▶ Task prompt
Reproduce the entries so that every line matches the original exactly.

▶ Supplied information
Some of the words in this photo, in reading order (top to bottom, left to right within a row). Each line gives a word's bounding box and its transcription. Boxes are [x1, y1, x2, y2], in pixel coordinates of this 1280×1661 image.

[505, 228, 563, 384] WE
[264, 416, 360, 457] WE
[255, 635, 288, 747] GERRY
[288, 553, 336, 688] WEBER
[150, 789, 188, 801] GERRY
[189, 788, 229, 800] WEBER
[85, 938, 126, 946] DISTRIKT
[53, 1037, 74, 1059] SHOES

▶ Output
Some of the words in this photo, in reading order (top to bottom, left to right within a row). Each line gives a word's bounding box and its transcription. Boxes are [x1, y1, x2, y2], in pixel coordinates of this 1280×1661 image.

[505, 228, 563, 384] WE
[264, 416, 360, 457] WE
[255, 635, 288, 747] GERRY
[288, 553, 336, 688] WEBER
[150, 789, 188, 801] GERRY
[189, 788, 229, 800] WEBER
[85, 938, 126, 946] DISTRIKT
[53, 1037, 74, 1059] SHOES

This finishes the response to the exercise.